**WORK INSTRUCTION**
Nothing but the lines from the one with "this 1280×1706 image." through the end of the listing below should appear in your reply, each copied exactly.

**RECORDS PROVIDED**
....................

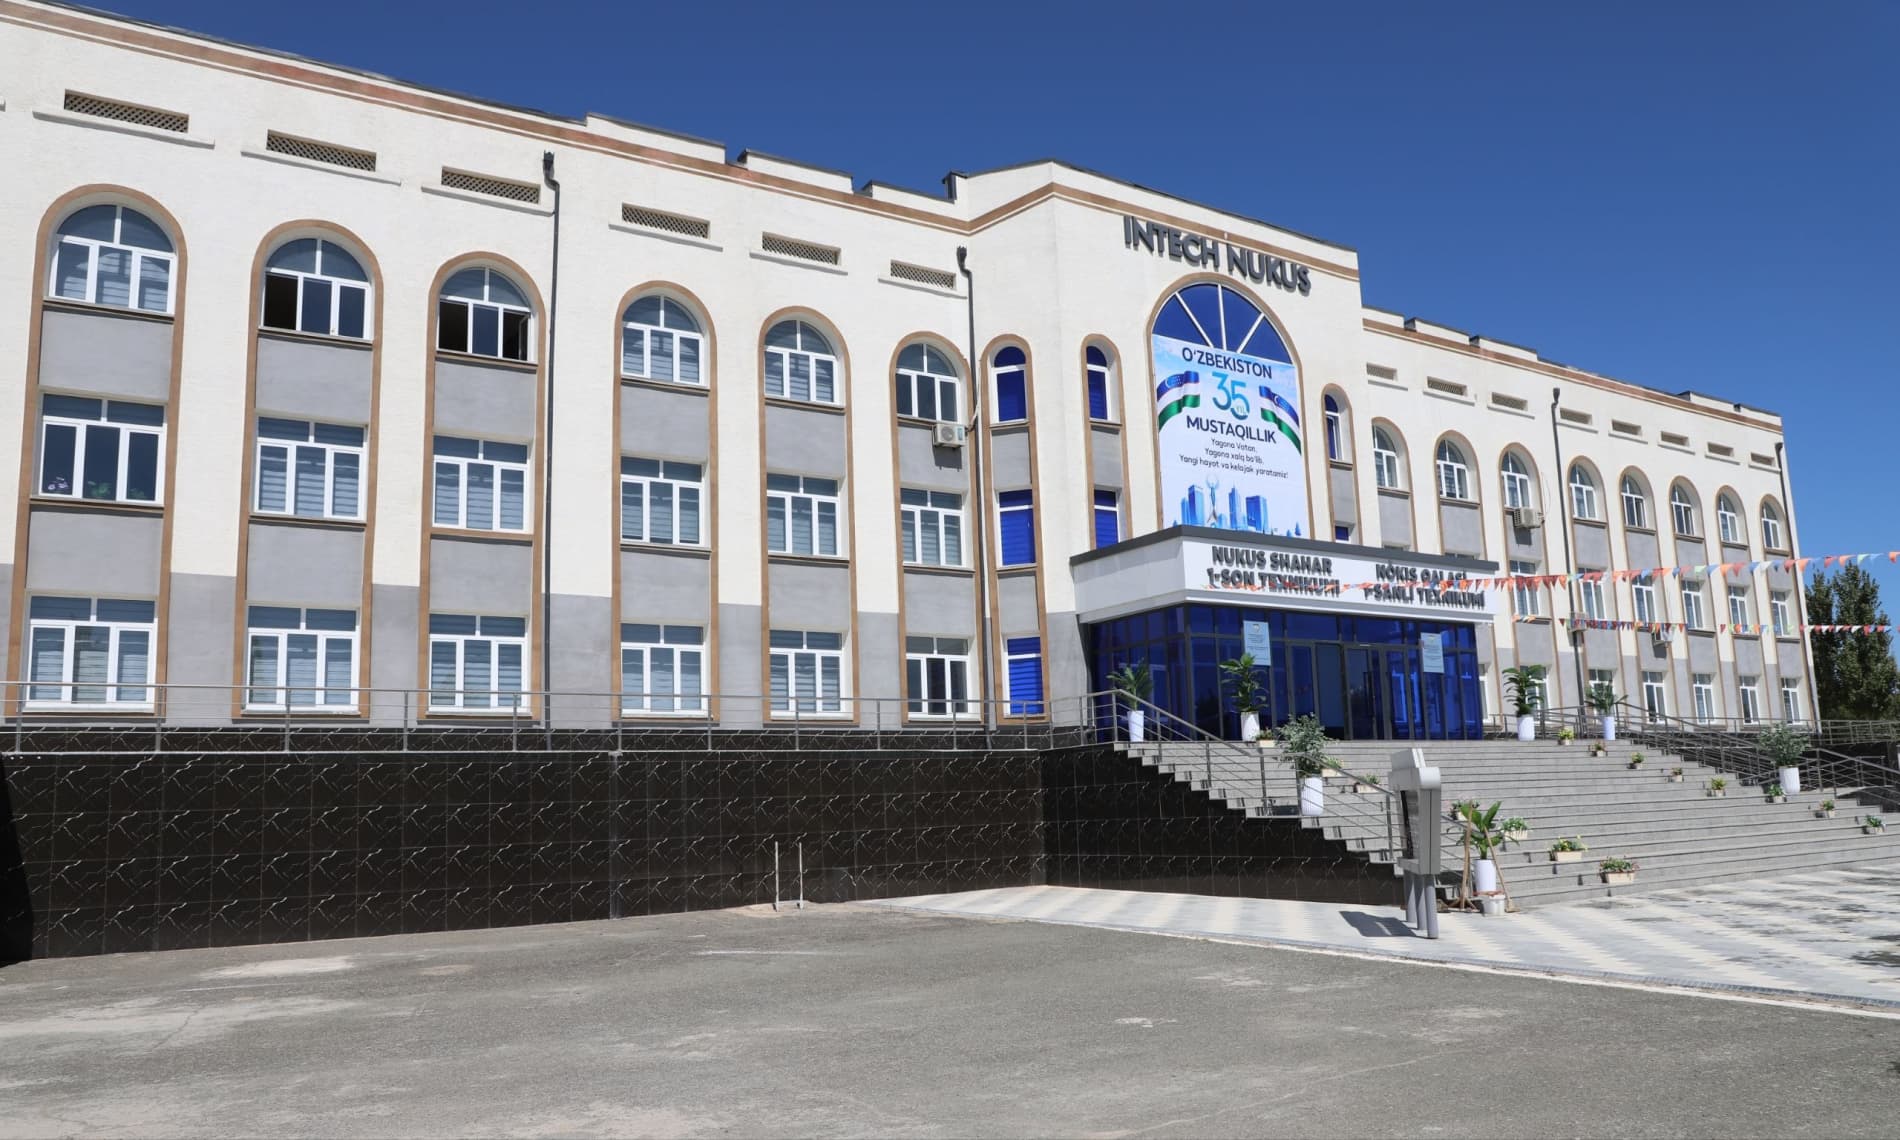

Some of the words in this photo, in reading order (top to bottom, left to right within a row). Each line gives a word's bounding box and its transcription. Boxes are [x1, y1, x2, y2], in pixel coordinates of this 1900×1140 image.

[1124, 215, 1220, 271] INTECH
[1227, 244, 1312, 296] NUKUS
[1211, 371, 1250, 420] 35
[1186, 415, 1277, 444] MUSTAQILLIK
[1205, 448, 1231, 459] Yagona
[1231, 451, 1245, 462] xalq
[1211, 438, 1236, 449] Yagona
[1179, 454, 1199, 466] Yangi
[1199, 456, 1220, 468] hayot
[1221, 461, 1230, 469] va
[1230, 461, 1255, 474] kelajak
[1211, 545, 1267, 571] NUKUS
[1269, 552, 1333, 576] SHAHAR
[1206, 567, 1256, 589] 1-SON
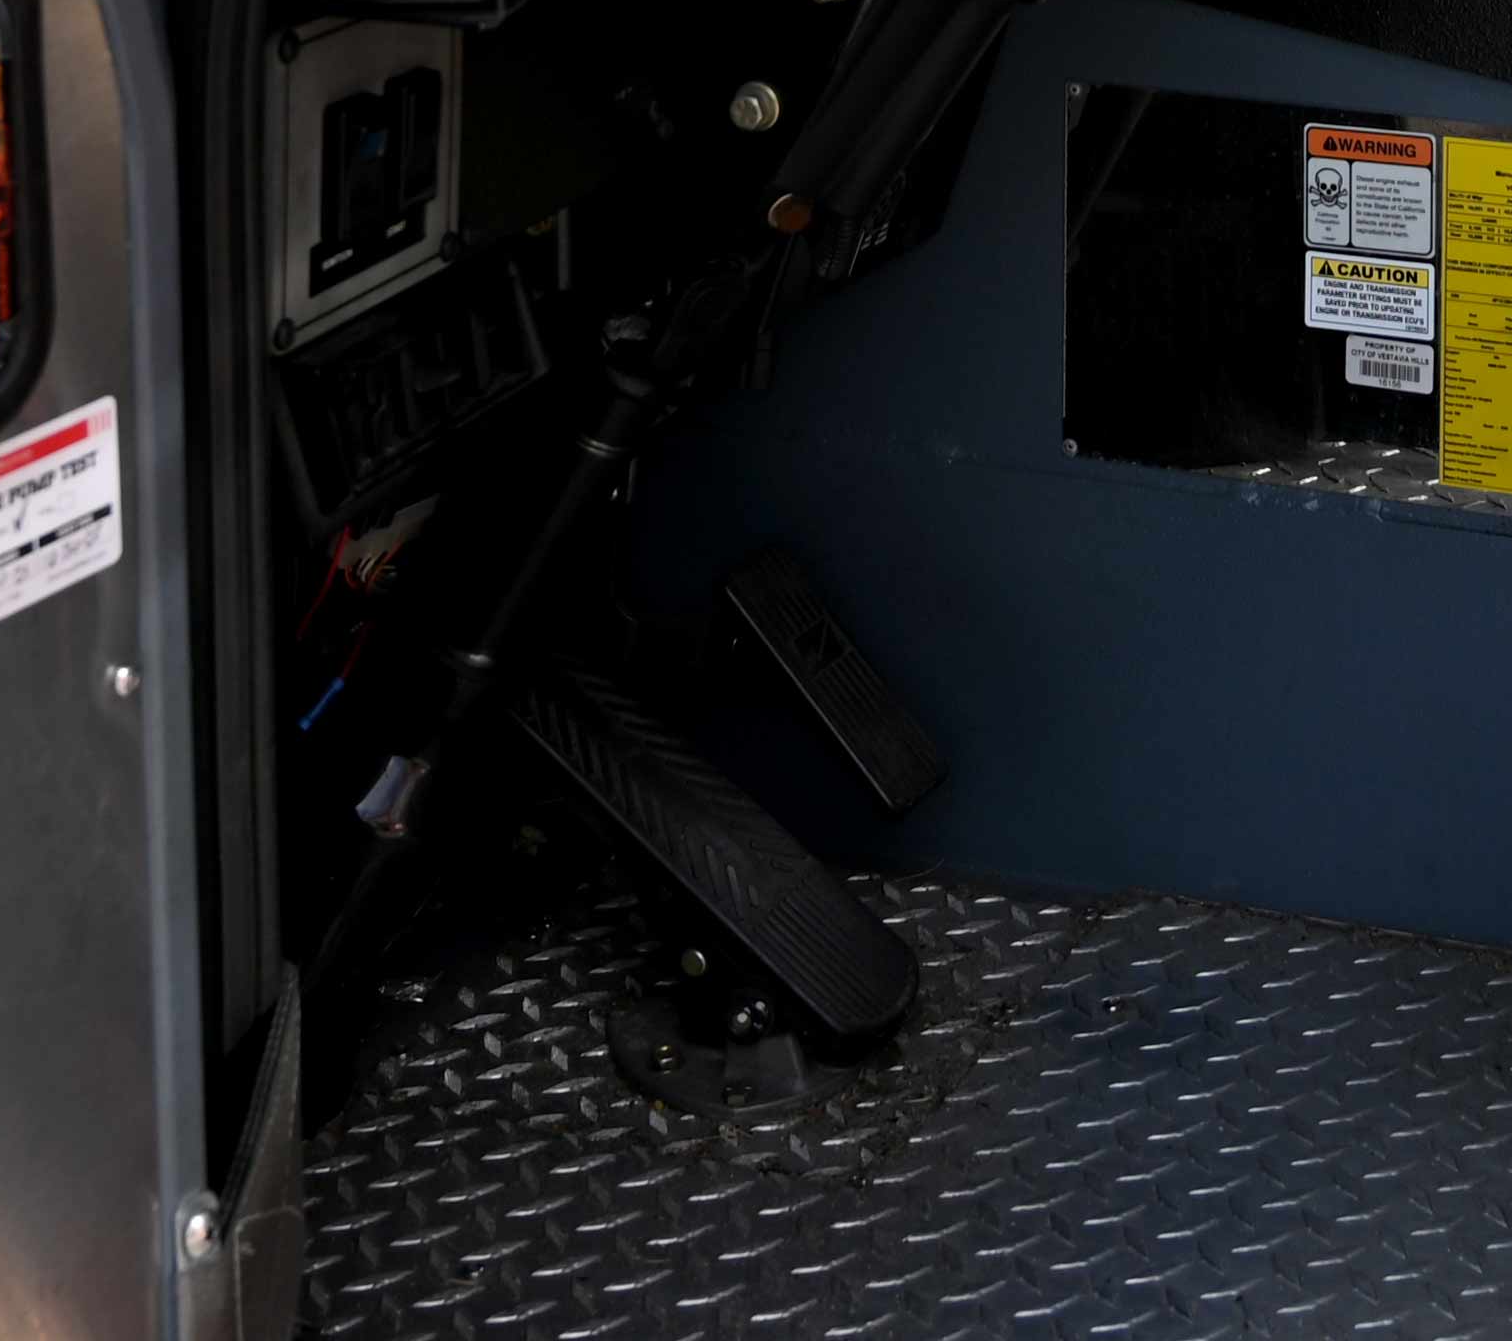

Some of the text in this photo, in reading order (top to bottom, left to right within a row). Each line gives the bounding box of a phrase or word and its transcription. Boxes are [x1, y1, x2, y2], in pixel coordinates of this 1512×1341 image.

[1338, 137, 1417, 158] WARNING
[1337, 263, 1418, 284] CAUTION
[1317, 288, 1423, 307] PARAMETER SETTINGS MUST BE
[1324, 280, 1417, 297] ENGINE AND TRANSMISSION
[1315, 306, 1425, 326] ENGINE OR TRANSMISSION ECU'S
[1325, 298, 1415, 315] SAVED PRIOR TO UPDATING
[1364, 340, 1416, 354] PROPERTY OF
[1351, 348, 1430, 366] CITY OF VESTAVIA HILLS
[8, 471, 56, 505] PUMP
[60, 449, 99, 481] TEST
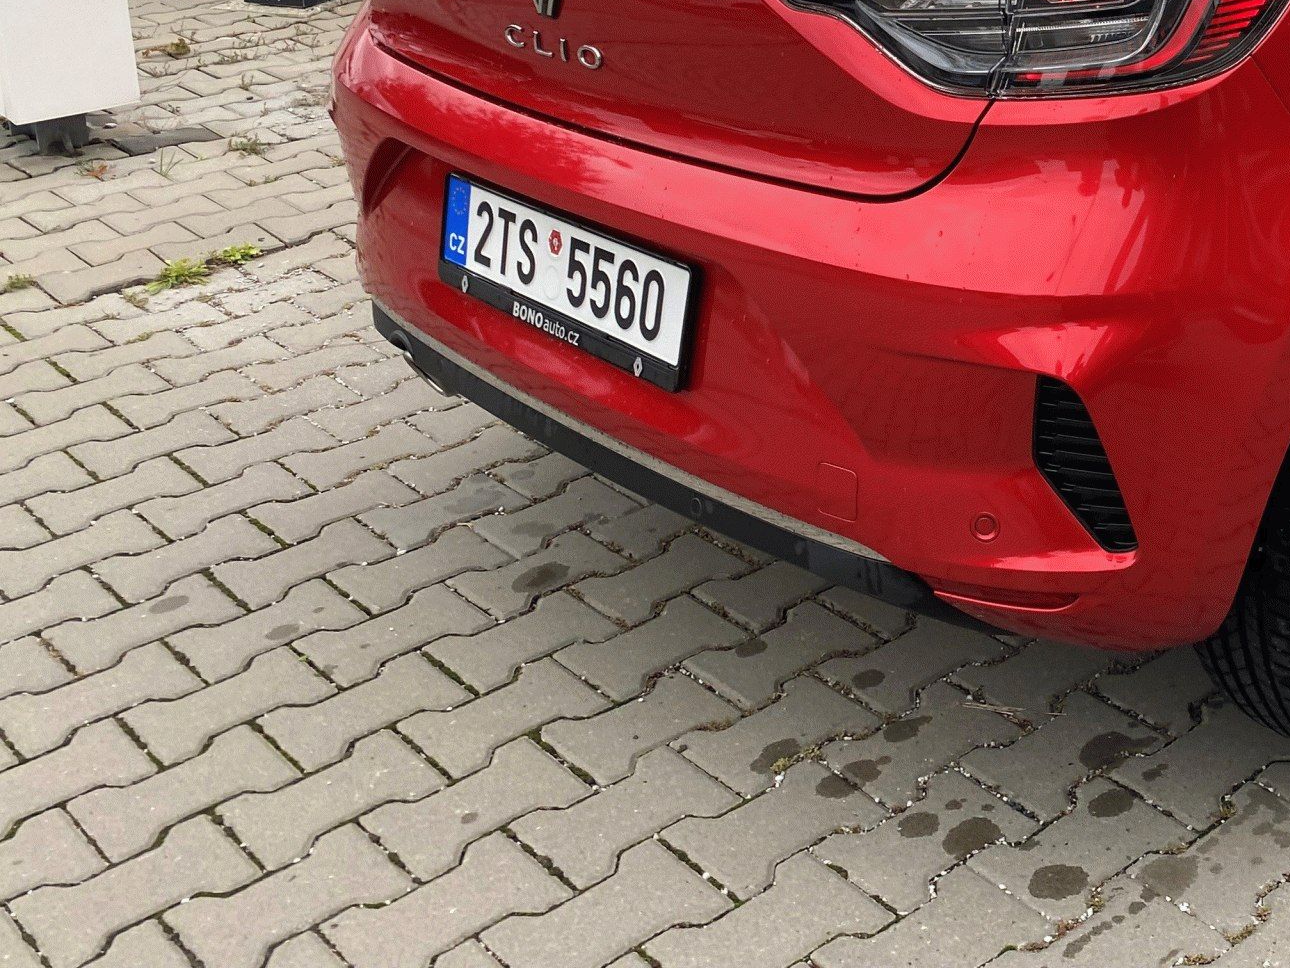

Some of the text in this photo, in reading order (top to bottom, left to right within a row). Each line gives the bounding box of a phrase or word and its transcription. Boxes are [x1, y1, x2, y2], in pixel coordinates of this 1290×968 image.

[504, 24, 604, 70] CLIO
[449, 232, 465, 255] CZ
[474, 200, 665, 341] 2TS 5560
[512, 301, 580, 346] BONOauto.cz
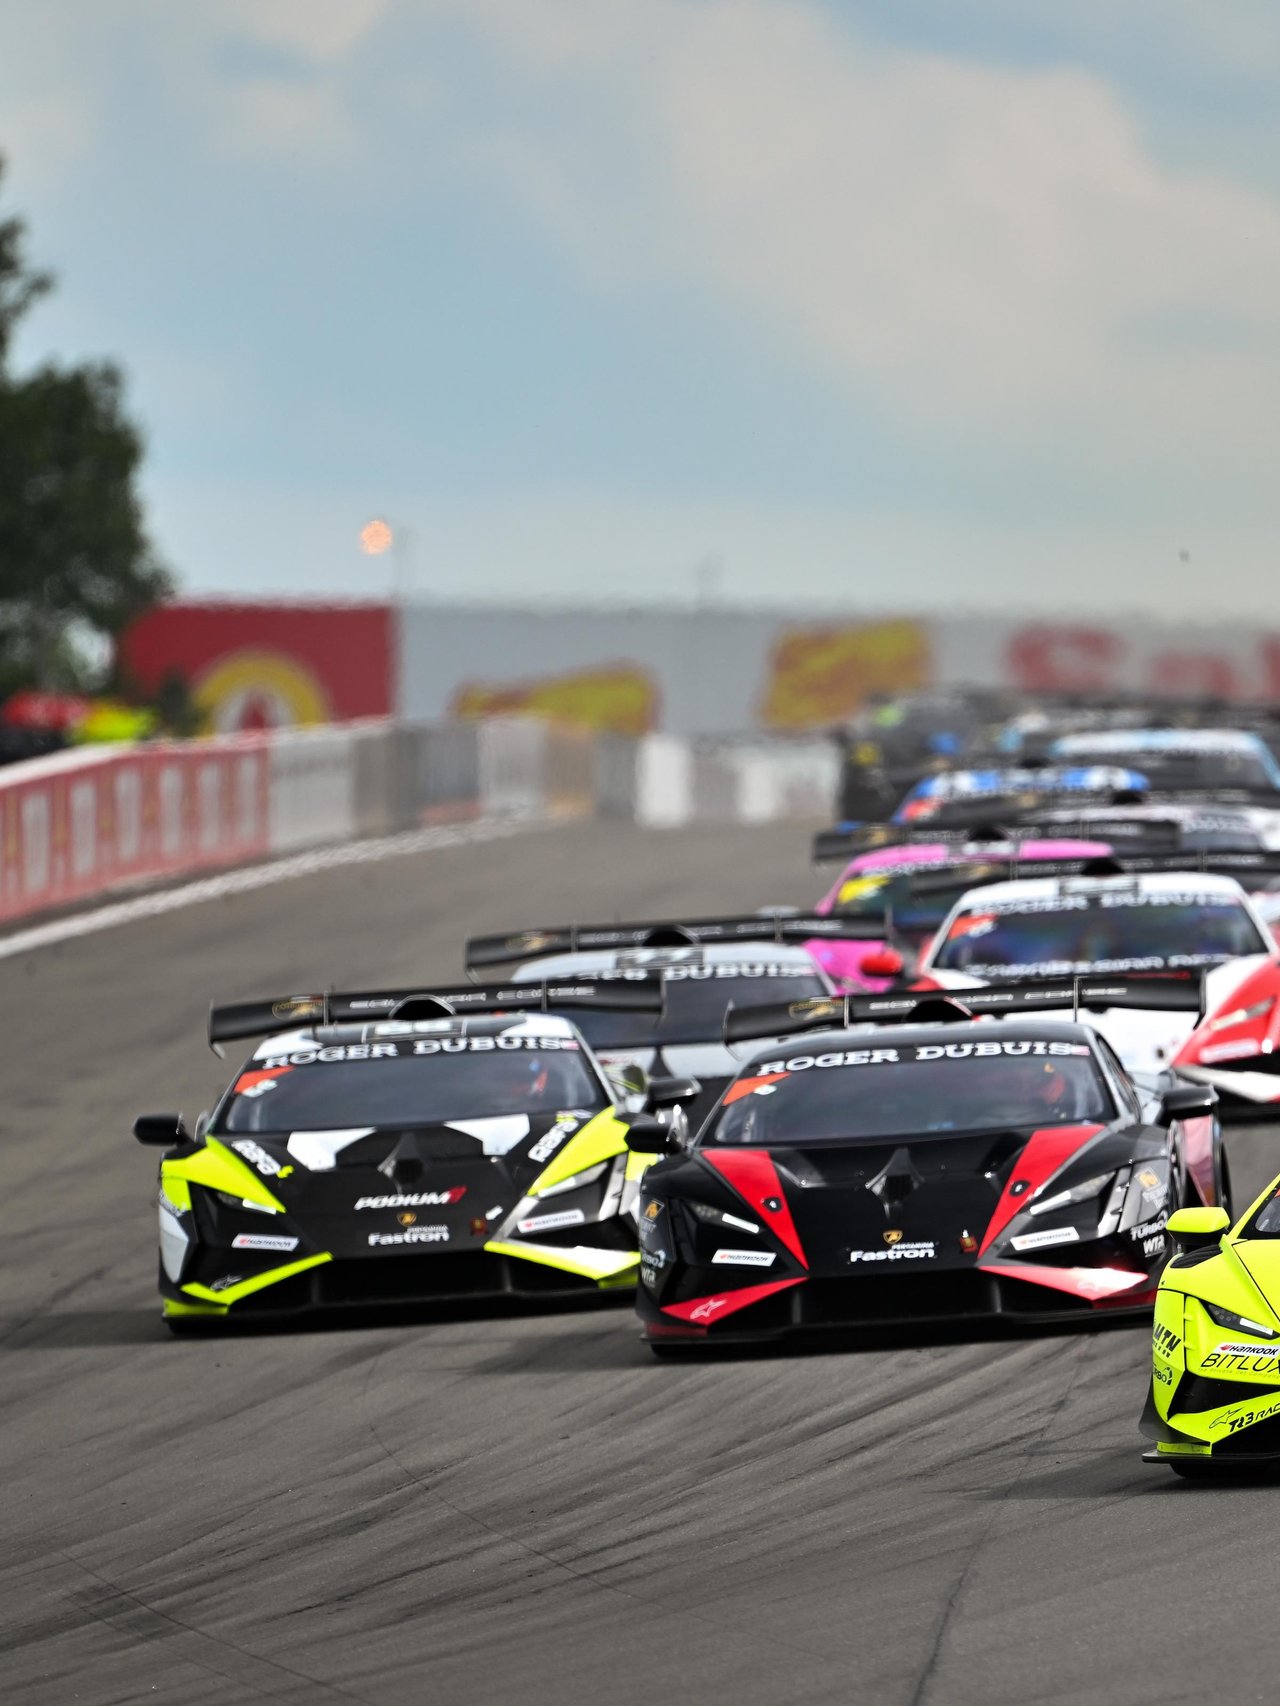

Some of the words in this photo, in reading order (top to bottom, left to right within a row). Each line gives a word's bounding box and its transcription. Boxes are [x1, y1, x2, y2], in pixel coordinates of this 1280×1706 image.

[263, 1043, 398, 1068] ROGER
[414, 1036, 560, 1055] DUBUIS
[756, 1049, 899, 1076] ROGER
[915, 1041, 1072, 1060] DUBUIS
[367, 1232, 450, 1247] Fastron
[850, 1249, 935, 1263] Fastron

....................

**EXERCISE OUTPUT**
Some of the words in this photo, in reading order (top to bottom, left to right within a row). Each line gives a word's bounding box and its transcription. Boxes are [x1, y1, x2, y2], in pixel coordinates of this 1280×1706 image.

[263, 1043, 398, 1068] ROGER
[414, 1036, 560, 1055] DUBUIS
[756, 1049, 899, 1076] ROGER
[915, 1041, 1072, 1060] DUBUIS
[367, 1232, 450, 1247] Fastron
[850, 1249, 935, 1263] Fastron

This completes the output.